Opposition is a big deal for Mars, says BBC Sky at Night presenter Pete Lawrence. It’s the time when Mars appears the brightest and, through the eyepiece of a telescope, the largest. It’s a rare sight, but one you should try to catch during the next few weeks!
Mars is the second-brightest planet in our sky, behind only Jupiter. This November, though, it’s passing near Earth, causing it to shine brighter than usual in our skies. This is called opposition, and it occurs every two years and two months.
During opposition, Earth is in front of Mars, and so the Red Planet appears to stand opposite the Sun. As a result, it rises in the east at sunset, has a high overhead during midnight, and sets several hours before dawn.
The planet will be visible to the naked eye until Tuesday, December 11, when it’ll fade in brightness as it flees from Earth in its smaller, faster orbit. The night of that day, however, the planet will be nearly opposite the moon in the sky, making it a great opportunity to view this fascinating object.
This month, the Red Planet moves from Sagittarius to Capricornus, where it will spend most of 2022. It’s a little brighter than it was at the start of the year, but it still isn’t as big as Uranus.
It’s only about five arcseconds wide, and it shines at magnitude 1.1. In a telescope, it has a disc that is about half the size of Uranus.

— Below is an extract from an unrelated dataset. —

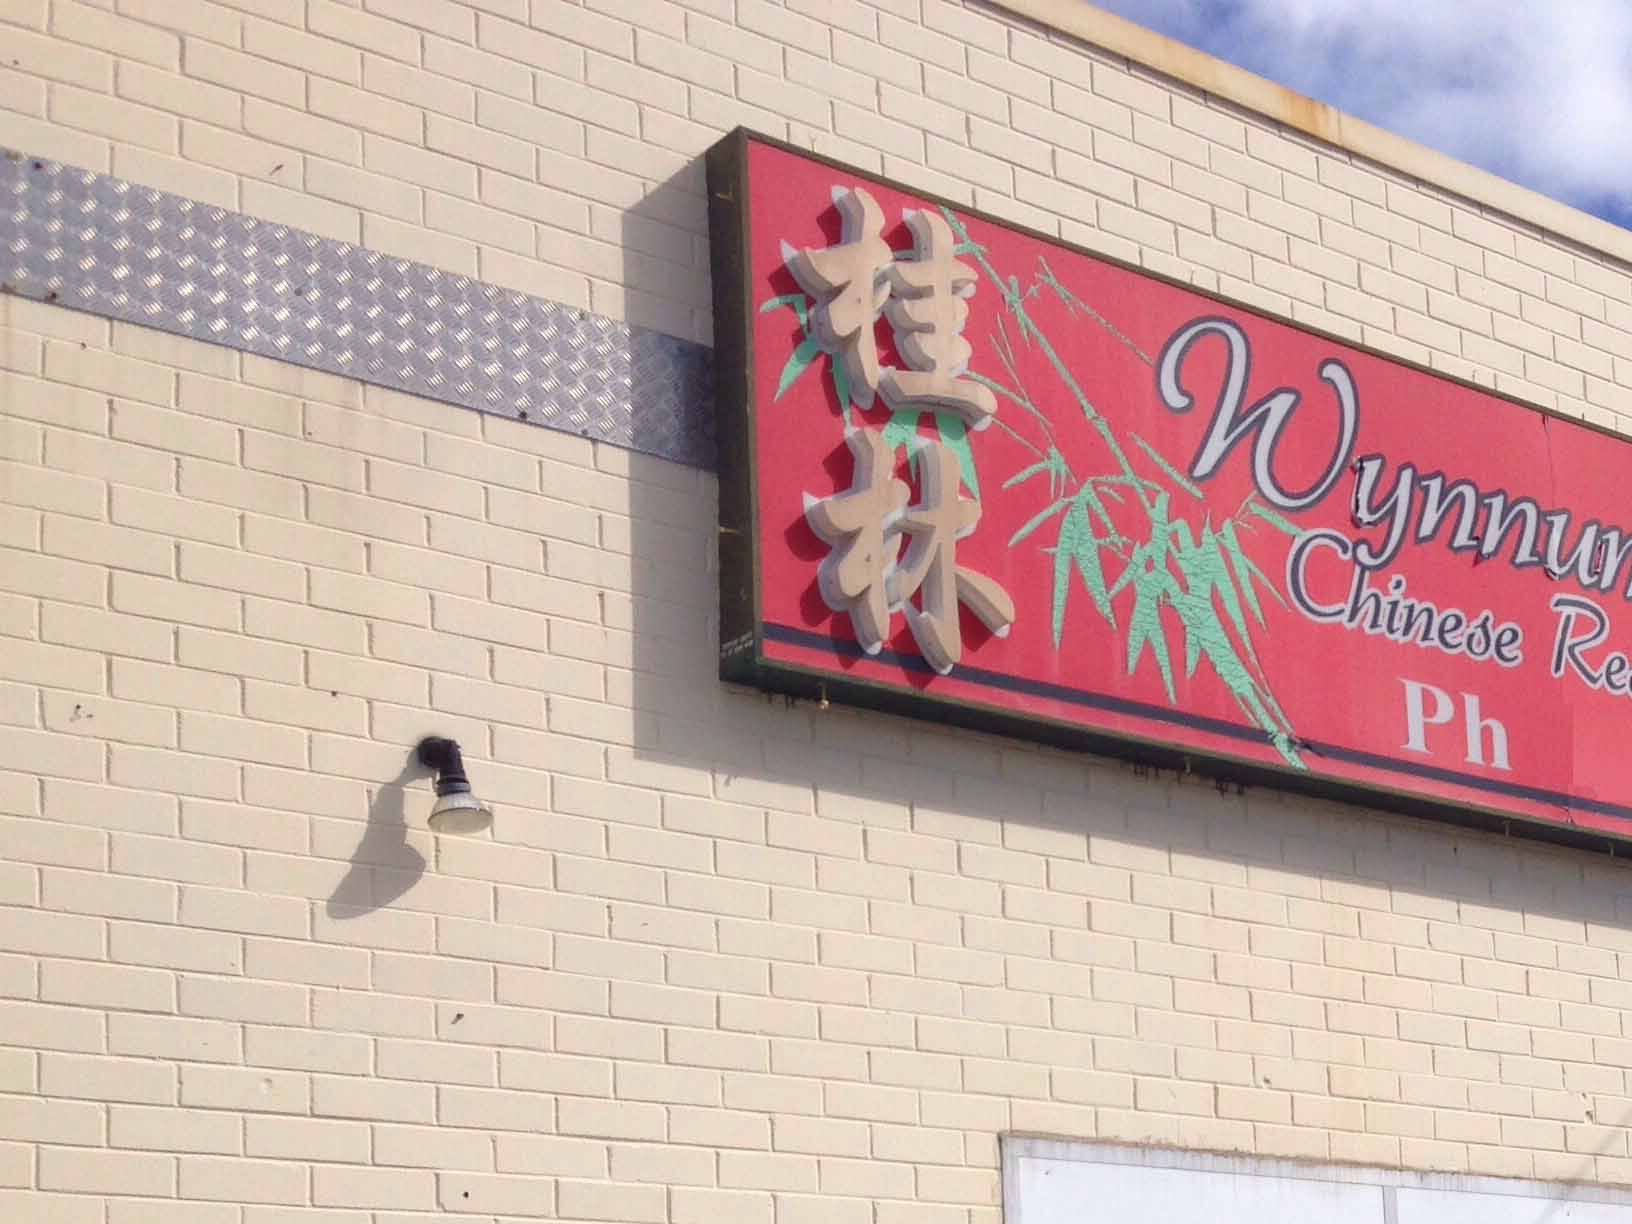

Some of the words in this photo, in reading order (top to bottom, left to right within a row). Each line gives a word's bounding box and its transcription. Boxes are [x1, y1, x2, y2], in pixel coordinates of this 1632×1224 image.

[782, 186, 1016, 674] 桂林
[1286, 528, 1524, 667] Chinese
[1398, 677, 1512, 771] Ph

If you don’t have a telescope, you can try spotting the planet through a pair of binoculars or an eyepiece in good seeing conditions. You’ll need a fairly large aperture (about 8″ – 10″) to see this planet, and even then you won’t be able to see much detail.
If you’re up for a challenge, look for the planet’s smaller moons, Phobos and Deimos. These are a dim blue-green in color, and are a difficult target for telescopes of any size. But they’re easy to find if you know where to look.
The planet mars burns bright in the night sky this week, but it won’t be as big as you might think. After all, the Red Planet takes 687 days to complete one orbit of our Sun.
As a result, it’s only visible once every 2.1 years. That’s why it’s such a treat for star watchers.
This month, the Red Planet is at its most favorable opposition in the Northern Hemisphere. It also makes a fine pair with Mercury and Venus, low in the southwest.
Look for Mars above the eastern horizon as it comes out of twilight around 8 p.m. It will be surrounded by orange-hued stars in Taurus the Bull, such as Aldebaran and Betelgeuse.
Mars is a bit fainter than these stars, but you can still spot it easily with binoculars or a small telescope. The planet is 17 arcseconds wide in a telescope, and it’ll shrink slightly as it recedes into the horizon.
But it’s still the brightest object in the night sky. You can trace it across the sky, moving towards Jupiter and Saturn – which also shine bright in the evening skies – and then back over towards the west.
On the night of Mars’s opposition, December 7, the Moon will occult it, covering it up in many parts of the world. This is called a “lunar occultation” and can be seen in a livestream, courtesy of the Virtual Telescope Project.
You can find out when Mars will disappear and reappear for your location by using the timetables in the tables below. It’s best to check your favourite stargazing app or website, as the times will vary from place to place.